**EXERCISE OBJECTIVE:** Output all of the entries exactly as they are given.

(Records contained in a dataset)
* * *

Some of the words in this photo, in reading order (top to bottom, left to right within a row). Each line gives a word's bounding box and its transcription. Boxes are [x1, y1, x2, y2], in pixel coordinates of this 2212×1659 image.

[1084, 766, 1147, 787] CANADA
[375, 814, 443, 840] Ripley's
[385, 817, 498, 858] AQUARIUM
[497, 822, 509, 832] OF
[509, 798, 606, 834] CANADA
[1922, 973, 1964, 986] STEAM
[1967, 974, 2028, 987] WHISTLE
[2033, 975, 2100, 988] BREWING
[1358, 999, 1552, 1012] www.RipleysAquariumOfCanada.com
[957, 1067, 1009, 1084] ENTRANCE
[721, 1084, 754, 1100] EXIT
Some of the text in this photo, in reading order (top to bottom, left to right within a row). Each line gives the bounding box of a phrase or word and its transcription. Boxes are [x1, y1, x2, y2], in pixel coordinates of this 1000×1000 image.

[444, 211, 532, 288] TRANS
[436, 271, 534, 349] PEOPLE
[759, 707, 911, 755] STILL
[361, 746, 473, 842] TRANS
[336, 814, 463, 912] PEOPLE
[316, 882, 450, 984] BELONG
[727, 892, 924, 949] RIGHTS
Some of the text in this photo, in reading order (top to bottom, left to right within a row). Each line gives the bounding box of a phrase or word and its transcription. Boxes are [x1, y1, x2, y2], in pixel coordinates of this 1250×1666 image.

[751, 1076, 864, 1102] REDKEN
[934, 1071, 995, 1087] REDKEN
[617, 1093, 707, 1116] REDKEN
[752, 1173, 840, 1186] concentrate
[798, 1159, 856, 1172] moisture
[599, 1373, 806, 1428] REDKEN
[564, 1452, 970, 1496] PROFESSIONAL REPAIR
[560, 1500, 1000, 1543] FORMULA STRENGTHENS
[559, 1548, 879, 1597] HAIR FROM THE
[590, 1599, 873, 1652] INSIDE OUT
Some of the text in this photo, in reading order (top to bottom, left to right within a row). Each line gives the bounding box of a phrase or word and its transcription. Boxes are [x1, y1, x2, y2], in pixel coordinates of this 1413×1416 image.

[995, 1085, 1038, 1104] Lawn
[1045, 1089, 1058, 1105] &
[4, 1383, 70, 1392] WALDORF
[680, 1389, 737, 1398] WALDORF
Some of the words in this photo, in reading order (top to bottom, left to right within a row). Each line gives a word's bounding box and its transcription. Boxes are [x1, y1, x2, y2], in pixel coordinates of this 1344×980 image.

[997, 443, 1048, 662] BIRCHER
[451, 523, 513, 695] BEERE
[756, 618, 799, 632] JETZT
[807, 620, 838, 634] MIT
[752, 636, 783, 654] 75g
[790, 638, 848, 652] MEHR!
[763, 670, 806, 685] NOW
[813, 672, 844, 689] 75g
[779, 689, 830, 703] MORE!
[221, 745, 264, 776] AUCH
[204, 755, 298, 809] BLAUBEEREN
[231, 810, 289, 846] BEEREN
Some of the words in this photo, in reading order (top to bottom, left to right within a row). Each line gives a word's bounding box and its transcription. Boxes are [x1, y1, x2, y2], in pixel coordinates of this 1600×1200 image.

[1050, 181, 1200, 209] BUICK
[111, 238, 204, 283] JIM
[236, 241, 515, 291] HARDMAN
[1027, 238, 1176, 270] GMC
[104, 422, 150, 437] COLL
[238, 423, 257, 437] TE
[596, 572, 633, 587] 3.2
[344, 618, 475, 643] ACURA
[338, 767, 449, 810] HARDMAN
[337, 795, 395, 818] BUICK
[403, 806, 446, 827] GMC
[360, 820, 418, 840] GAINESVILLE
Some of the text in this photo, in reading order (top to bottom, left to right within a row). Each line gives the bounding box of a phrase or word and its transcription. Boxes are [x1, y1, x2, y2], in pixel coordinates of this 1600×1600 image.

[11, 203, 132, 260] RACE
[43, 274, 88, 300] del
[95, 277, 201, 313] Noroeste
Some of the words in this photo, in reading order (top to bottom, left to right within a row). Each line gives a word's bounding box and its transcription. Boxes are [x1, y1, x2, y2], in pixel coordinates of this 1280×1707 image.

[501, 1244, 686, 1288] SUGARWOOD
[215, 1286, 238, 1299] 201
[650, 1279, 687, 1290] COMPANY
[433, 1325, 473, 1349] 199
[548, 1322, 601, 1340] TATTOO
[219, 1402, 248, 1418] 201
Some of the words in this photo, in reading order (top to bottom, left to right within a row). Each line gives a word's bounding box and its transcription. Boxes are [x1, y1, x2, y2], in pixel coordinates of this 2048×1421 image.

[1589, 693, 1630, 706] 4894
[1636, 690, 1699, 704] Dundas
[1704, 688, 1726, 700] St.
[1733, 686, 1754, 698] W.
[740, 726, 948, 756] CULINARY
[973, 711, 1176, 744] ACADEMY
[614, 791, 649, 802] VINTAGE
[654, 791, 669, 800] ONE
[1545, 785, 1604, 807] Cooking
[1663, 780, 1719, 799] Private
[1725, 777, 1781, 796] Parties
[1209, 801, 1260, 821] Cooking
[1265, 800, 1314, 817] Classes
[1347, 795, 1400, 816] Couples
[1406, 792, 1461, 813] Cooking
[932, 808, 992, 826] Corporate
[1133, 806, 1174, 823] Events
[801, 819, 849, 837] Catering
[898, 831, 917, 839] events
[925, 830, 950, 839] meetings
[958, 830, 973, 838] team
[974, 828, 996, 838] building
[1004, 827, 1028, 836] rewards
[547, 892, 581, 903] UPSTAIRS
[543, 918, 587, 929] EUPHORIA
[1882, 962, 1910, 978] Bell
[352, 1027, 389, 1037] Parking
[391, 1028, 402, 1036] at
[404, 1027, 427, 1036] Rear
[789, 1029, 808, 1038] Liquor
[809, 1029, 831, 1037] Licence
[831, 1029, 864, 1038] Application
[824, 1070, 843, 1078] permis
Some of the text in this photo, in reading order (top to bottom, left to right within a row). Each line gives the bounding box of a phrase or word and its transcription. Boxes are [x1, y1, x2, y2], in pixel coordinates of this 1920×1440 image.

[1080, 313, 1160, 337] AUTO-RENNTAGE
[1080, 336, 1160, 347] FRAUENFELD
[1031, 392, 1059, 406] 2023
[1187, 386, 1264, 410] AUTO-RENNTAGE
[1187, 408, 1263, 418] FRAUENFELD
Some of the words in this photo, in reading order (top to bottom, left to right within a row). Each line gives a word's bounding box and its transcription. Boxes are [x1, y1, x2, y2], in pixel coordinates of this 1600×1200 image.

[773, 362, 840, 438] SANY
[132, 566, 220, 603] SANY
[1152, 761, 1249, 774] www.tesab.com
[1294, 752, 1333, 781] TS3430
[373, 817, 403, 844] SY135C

* * *

**TASK RESULT:**
Some of the words in this photo, in reading order (top to bottom, left to right within a row). Each line gives a word's bounding box and its transcription. Boxes are [x1, y1, x2, y2], in pixel coordinates of this 2212×1659 image.

[1084, 766, 1147, 787] CANADA
[375, 814, 443, 840] Ripley's
[385, 817, 498, 858] AQUARIUM
[497, 822, 509, 832] OF
[509, 798, 606, 834] CANADA
[1922, 973, 1964, 986] STEAM
[1967, 974, 2028, 987] WHISTLE
[2033, 975, 2100, 988] BREWING
[1358, 999, 1552, 1012] www.RipleysAquariumOfCanada.com
[957, 1067, 1009, 1084] ENTRANCE
[721, 1084, 754, 1100] EXIT
Some of the text in this photo, in reading order (top to bottom, left to right within a row). Each line gives the bounding box of a phrase or word and its transcription. Boxes are [x1, y1, x2, y2], in pixel coordinates of this 1000×1000 image.

[444, 211, 532, 288] TRANS
[436, 271, 534, 349] PEOPLE
[759, 707, 911, 755] STILL
[361, 746, 473, 842] TRANS
[336, 814, 463, 912] PEOPLE
[316, 882, 450, 984] BELONG
[727, 892, 924, 949] RIGHTS
Some of the text in this photo, in reading order (top to bottom, left to right within a row). Each line gives the bounding box of a phrase or word and its transcription. Boxes are [x1, y1, x2, y2], in pixel coordinates of this 1250×1666 image.

[751, 1076, 864, 1102] REDKEN
[934, 1071, 995, 1087] REDKEN
[617, 1093, 707, 1116] REDKEN
[752, 1173, 840, 1186] concentrate
[798, 1159, 856, 1172] moisture
[599, 1373, 806, 1428] REDKEN
[564, 1452, 970, 1496] PROFESSIONAL REPAIR
[560, 1500, 1000, 1543] FORMULA STRENGTHENS
[559, 1548, 879, 1597] HAIR FROM THE
[590, 1599, 873, 1652] INSIDE OUT
Some of the text in this photo, in reading order (top to bottom, left to right within a row). Each line gives the bounding box of a phrase or word and its transcription. Boxes are [x1, y1, x2, y2], in pixel coordinates of this 1413×1416 image.

[995, 1085, 1038, 1104] Lawn
[1045, 1089, 1058, 1105] &
[4, 1383, 70, 1392] WALDORF
[680, 1389, 737, 1398] WALDORF
Some of the words in this photo, in reading order (top to bottom, left to right within a row). Each line gives a word's bounding box and its transcription. Boxes are [x1, y1, x2, y2], in pixel coordinates of this 1344×980 image.

[997, 443, 1048, 662] BIRCHER
[451, 523, 513, 695] BEERE
[756, 618, 799, 632] JETZT
[807, 620, 838, 634] MIT
[752, 636, 783, 654] 75g
[790, 638, 848, 652] MEHR!
[763, 670, 806, 685] NOW
[813, 672, 844, 689] 75g
[779, 689, 830, 703] MORE!
[221, 745, 264, 776] AUCH
[204, 755, 298, 809] BLAUBEEREN
[231, 810, 289, 846] BEEREN
Some of the words in this photo, in reading order (top to bottom, left to right within a row). Each line gives a word's bounding box and its transcription. Boxes are [x1, y1, x2, y2], in pixel coordinates of this 1600×1200 image.

[1050, 181, 1200, 209] BUICK
[111, 238, 204, 283] JIM
[236, 241, 515, 291] HARDMAN
[1027, 238, 1176, 270] GMC
[104, 422, 150, 437] COLL
[238, 423, 257, 437] TE
[596, 572, 633, 587] 3.2
[344, 618, 475, 643] ACURA
[338, 767, 449, 810] HARDMAN
[337, 795, 395, 818] BUICK
[403, 806, 446, 827] GMC
[360, 820, 418, 840] GAINESVILLE
Some of the text in this photo, in reading order (top to bottom, left to right within a row). Each line gives the bounding box of a phrase or word and its transcription. Boxes are [x1, y1, x2, y2], in pixel coordinates of this 1600×1600 image.

[11, 203, 132, 260] RACE
[43, 274, 88, 300] del
[95, 277, 201, 313] Noroeste
Some of the words in this photo, in reading order (top to bottom, left to right within a row). Each line gives a word's bounding box and its transcription. Boxes are [x1, y1, x2, y2], in pixel coordinates of this 1280×1707 image.

[501, 1244, 686, 1288] SUGARWOOD
[215, 1286, 238, 1299] 201
[650, 1279, 687, 1290] COMPANY
[433, 1325, 473, 1349] 199
[548, 1322, 601, 1340] TATTOO
[219, 1402, 248, 1418] 201
Some of the words in this photo, in reading order (top to bottom, left to right within a row). Each line gives a word's bounding box and its transcription. Boxes are [x1, y1, x2, y2], in pixel coordinates of this 2048×1421 image.

[1589, 693, 1630, 706] 4894
[1636, 690, 1699, 704] Dundas
[1704, 688, 1726, 700] St.
[1733, 686, 1754, 698] W.
[740, 726, 948, 756] CULINARY
[973, 711, 1176, 744] ACADEMY
[614, 791, 649, 802] VINTAGE
[654, 791, 669, 800] ONE
[1545, 785, 1604, 807] Cooking
[1663, 780, 1719, 799] Private
[1725, 777, 1781, 796] Parties
[1209, 801, 1260, 821] Cooking
[1265, 800, 1314, 817] Classes
[1347, 795, 1400, 816] Couples
[1406, 792, 1461, 813] Cooking
[932, 808, 992, 826] Corporate
[1133, 806, 1174, 823] Events
[801, 819, 849, 837] Catering
[898, 831, 917, 839] events
[925, 830, 950, 839] meetings
[958, 830, 973, 838] team
[974, 828, 996, 838] building
[1004, 827, 1028, 836] rewards
[547, 892, 581, 903] UPSTAIRS
[543, 918, 587, 929] EUPHORIA
[1882, 962, 1910, 978] Bell
[352, 1027, 389, 1037] Parking
[391, 1028, 402, 1036] at
[404, 1027, 427, 1036] Rear
[789, 1029, 808, 1038] Liquor
[809, 1029, 831, 1037] Licence
[831, 1029, 864, 1038] Application
[824, 1070, 843, 1078] permis
Some of the text in this photo, in reading order (top to bottom, left to right within a row). Each line gives the bounding box of a phrase or word and its transcription. Boxes are [x1, y1, x2, y2], in pixel coordinates of this 1920×1440 image.

[1080, 313, 1160, 337] AUTO-RENNTAGE
[1080, 336, 1160, 347] FRAUENFELD
[1031, 392, 1059, 406] 2023
[1187, 386, 1264, 410] AUTO-RENNTAGE
[1187, 408, 1263, 418] FRAUENFELD
Some of the words in this photo, in reading order (top to bottom, left to right within a row). Each line gives a word's bounding box and its transcription. Boxes are [x1, y1, x2, y2], in pixel coordinates of this 1600×1200 image.

[773, 362, 840, 438] SANY
[132, 566, 220, 603] SANY
[1152, 761, 1249, 774] www.tesab.com
[1294, 752, 1333, 781] TS3430
[373, 817, 403, 844] SY135C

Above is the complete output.